My mom saw the extensive efforts I was making to sort everything we throw away and make sure everything that was recyclable got recycled. She was so inspired by me and my constant reminders that I’m not just doing it for me, but for my kids who will be her grandkids and their kids and all the kids that come after all of us.

Now she uses eco-friendly sponges, buys plant-based meat substitutes and (God bless her) she takes every plastic thing we might throw away and sorts it for me. She even sorts single-use plastics from fast-food restaurants among an array of other things.

Her devotion has been so inspiring to me, and the repercussions have been more than tangible.

I save all my plastic bags, plastic wraps, plastic packaging, any type of plastic that can be taken at a grocery store bag recycling and combine it with what she has saved for me, and I show up to Giant Eagle with an entire carload full of plastic — all of which would’ve been thrown into a landfill or drifted into the ocean.

Now, sure I get some funny looks from the employees, but if it means keeping piles of non-biodegradable plastic from ending somewhere it shouldn’t, it helps me sleep at night.

My point is that I have taken my devotion to helping the earth and multiplied it by two, and even three now by getting my brother involved (we’re still chipping away at my dad). And everyone can do that! It wasn’t hard, I just talked to people openly and understandingly about it and now I can see real, tangible change in what my family sends to a landfill. Posting on your Instagram story about climate change and doing your own part to recycle is important and needed, but for the earth’s sake, actually talk to real people you know about it and create tangible change.

Now, that may help answer your question, “How can I recycle?” However, this article is more about, “How the heck can we recycle?” I admit that it is so unnecessarily confusing and esoteric to be able to effectively recycle, and that needs to change.

I mean, there are only two types of plastic that you can actually recycle from your house (types 1 and 2, very creative jobs by the recycling people), and the other types — such as cardboard — you usually have to take to a recycling center. And who the heck wants to do that? How do you even find the right recycling center? Who is in charge of all this? Last but not least, why is this all so confusing? I wish I knew.

It is hard to raise awareness and get people to commit to a cause if the cause confuses people, and I totally see that side of the argument. That is why the whole system needs to be revamped.

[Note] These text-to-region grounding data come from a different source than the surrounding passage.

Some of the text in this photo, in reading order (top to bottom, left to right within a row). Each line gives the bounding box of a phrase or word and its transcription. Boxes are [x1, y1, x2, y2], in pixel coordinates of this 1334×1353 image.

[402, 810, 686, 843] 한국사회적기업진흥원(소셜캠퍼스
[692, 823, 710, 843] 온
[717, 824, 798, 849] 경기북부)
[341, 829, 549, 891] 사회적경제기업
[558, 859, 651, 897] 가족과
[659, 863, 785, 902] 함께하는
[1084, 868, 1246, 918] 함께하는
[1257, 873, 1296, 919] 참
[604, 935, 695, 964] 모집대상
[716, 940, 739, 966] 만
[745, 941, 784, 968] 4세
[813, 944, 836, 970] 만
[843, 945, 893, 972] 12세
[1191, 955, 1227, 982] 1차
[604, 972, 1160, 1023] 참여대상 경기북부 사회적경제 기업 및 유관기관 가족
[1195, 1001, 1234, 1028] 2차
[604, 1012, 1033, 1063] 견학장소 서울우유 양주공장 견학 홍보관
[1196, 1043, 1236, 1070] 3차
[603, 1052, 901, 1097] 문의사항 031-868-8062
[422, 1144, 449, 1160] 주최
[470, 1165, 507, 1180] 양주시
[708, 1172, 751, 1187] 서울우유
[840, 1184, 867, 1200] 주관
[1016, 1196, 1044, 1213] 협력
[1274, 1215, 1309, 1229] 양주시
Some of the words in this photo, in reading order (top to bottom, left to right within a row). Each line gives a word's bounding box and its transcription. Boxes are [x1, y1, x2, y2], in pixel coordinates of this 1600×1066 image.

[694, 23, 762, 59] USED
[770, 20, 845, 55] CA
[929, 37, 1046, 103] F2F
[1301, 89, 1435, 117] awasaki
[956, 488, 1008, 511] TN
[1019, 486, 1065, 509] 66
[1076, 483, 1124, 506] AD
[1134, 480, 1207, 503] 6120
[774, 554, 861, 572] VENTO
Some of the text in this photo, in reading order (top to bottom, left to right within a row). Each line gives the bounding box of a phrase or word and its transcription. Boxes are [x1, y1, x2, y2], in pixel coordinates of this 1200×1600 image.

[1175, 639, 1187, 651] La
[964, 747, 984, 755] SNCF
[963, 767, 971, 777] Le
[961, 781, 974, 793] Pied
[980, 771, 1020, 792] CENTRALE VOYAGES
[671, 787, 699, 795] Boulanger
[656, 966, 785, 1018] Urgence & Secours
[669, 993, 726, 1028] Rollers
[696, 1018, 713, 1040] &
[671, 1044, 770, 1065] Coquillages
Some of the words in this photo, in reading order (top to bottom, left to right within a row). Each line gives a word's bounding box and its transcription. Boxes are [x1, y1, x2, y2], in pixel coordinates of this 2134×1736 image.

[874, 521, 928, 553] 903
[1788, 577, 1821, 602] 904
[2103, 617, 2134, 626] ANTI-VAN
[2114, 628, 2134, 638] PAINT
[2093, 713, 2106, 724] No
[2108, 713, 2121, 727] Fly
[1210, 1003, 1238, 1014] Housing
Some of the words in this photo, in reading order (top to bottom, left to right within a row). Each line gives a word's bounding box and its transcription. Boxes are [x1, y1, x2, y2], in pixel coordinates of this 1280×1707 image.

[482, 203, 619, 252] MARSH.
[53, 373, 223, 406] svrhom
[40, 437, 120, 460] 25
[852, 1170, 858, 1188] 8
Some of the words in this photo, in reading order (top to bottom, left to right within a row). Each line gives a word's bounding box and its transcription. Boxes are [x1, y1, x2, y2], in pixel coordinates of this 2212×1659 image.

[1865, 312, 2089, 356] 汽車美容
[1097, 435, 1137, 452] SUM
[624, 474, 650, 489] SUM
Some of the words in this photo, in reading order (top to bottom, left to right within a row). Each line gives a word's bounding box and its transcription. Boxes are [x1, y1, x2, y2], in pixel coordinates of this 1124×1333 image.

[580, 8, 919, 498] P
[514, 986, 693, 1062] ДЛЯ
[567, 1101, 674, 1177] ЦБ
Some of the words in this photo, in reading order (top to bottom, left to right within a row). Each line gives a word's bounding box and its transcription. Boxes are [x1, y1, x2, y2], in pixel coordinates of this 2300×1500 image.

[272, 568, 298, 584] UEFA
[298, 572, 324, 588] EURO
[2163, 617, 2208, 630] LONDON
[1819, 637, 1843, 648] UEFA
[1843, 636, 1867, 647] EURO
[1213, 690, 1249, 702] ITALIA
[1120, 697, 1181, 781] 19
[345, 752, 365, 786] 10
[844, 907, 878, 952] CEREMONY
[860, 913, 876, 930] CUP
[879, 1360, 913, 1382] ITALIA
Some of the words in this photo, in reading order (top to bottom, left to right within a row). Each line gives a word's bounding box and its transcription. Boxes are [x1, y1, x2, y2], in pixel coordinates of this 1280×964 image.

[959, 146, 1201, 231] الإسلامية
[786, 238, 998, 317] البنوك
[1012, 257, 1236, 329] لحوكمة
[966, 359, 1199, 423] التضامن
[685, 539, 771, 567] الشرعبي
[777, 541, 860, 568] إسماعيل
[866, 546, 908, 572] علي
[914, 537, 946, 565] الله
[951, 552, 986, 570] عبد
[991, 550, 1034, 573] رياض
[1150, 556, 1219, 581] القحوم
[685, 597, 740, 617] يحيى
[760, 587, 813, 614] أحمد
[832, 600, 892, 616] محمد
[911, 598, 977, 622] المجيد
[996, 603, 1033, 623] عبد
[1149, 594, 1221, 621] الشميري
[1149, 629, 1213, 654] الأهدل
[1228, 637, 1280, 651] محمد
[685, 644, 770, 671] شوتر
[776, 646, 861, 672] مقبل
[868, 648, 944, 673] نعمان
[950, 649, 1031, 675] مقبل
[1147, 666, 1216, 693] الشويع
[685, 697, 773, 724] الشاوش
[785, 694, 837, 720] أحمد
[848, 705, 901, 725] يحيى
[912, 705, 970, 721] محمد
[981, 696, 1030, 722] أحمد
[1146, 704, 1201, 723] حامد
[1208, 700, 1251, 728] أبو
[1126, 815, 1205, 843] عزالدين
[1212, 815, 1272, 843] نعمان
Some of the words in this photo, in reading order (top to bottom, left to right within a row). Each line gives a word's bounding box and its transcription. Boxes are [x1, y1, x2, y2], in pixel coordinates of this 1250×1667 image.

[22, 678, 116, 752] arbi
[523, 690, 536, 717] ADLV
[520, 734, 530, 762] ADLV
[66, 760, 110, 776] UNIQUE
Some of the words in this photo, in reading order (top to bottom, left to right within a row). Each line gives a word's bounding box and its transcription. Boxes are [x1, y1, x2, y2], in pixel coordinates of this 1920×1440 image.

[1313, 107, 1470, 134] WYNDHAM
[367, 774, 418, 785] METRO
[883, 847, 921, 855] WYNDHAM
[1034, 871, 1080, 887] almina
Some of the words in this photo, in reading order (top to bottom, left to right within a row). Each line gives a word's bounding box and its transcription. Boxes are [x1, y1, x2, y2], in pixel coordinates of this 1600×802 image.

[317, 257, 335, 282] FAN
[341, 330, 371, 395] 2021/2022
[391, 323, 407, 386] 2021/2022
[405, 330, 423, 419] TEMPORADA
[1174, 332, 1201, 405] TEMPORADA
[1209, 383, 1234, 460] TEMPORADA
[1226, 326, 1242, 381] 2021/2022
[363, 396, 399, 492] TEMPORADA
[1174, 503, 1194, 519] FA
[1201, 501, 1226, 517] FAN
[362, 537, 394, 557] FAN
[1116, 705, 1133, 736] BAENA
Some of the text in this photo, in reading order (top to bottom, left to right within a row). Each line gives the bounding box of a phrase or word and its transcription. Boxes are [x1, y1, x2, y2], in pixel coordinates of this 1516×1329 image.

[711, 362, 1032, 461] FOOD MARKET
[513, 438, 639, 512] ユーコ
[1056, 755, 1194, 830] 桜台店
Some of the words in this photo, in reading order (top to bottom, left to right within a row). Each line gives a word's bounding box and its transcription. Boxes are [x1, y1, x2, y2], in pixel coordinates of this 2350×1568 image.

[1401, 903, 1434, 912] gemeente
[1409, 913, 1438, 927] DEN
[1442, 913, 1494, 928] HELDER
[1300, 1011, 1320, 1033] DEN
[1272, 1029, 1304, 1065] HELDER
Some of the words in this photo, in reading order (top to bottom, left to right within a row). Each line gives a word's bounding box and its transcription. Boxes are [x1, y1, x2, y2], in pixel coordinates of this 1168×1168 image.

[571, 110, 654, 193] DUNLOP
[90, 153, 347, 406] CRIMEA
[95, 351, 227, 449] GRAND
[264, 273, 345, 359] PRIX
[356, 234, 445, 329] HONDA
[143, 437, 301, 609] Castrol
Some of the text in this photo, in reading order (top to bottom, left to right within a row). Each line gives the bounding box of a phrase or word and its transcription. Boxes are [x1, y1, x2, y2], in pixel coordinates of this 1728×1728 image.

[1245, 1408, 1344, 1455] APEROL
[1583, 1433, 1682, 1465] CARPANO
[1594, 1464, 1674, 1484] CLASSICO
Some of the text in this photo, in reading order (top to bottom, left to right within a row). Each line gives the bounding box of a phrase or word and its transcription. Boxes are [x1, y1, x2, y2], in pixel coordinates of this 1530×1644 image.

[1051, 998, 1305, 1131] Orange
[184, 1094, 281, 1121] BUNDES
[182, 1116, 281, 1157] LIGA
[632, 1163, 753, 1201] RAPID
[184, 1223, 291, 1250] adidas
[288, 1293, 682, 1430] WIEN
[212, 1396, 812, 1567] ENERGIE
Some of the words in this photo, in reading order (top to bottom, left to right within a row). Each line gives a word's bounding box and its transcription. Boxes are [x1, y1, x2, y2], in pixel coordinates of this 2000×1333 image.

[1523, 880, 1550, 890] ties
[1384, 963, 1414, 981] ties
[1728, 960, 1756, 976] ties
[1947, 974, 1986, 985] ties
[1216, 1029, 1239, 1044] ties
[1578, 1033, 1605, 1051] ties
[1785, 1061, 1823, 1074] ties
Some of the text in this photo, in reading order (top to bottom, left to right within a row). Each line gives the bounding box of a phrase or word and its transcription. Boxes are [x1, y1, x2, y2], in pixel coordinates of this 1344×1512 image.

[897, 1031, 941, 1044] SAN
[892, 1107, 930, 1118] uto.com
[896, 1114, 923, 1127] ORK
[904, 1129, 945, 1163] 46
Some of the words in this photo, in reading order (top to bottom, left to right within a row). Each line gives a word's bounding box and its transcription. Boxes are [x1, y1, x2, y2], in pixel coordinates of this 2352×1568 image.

Why are there so many types of plastics? Probably because vastly different plastics are needed for different things, but for consumers who have no information on what to do with these plastics, can we maybe stick to one type of plastic that is universally recyclable? Why does my Chick-fil-A order involve every type of plastic from type 1-5? Maybe, and hear me out, there could just be one. Then, nobody would be confused.

I realize that is an ultra-simplification, but maybe that’s what the solution to our country’s garbage and recycling problem needs to be: simple. It would make it a lot easier for me, my mother, anyone concerned about the Earth and those who are just plain old confused about recycling to actually be able to recycle. I believe it is crucial for our sake, and for our kids’ sake, that we all figure out how the heck to recycle.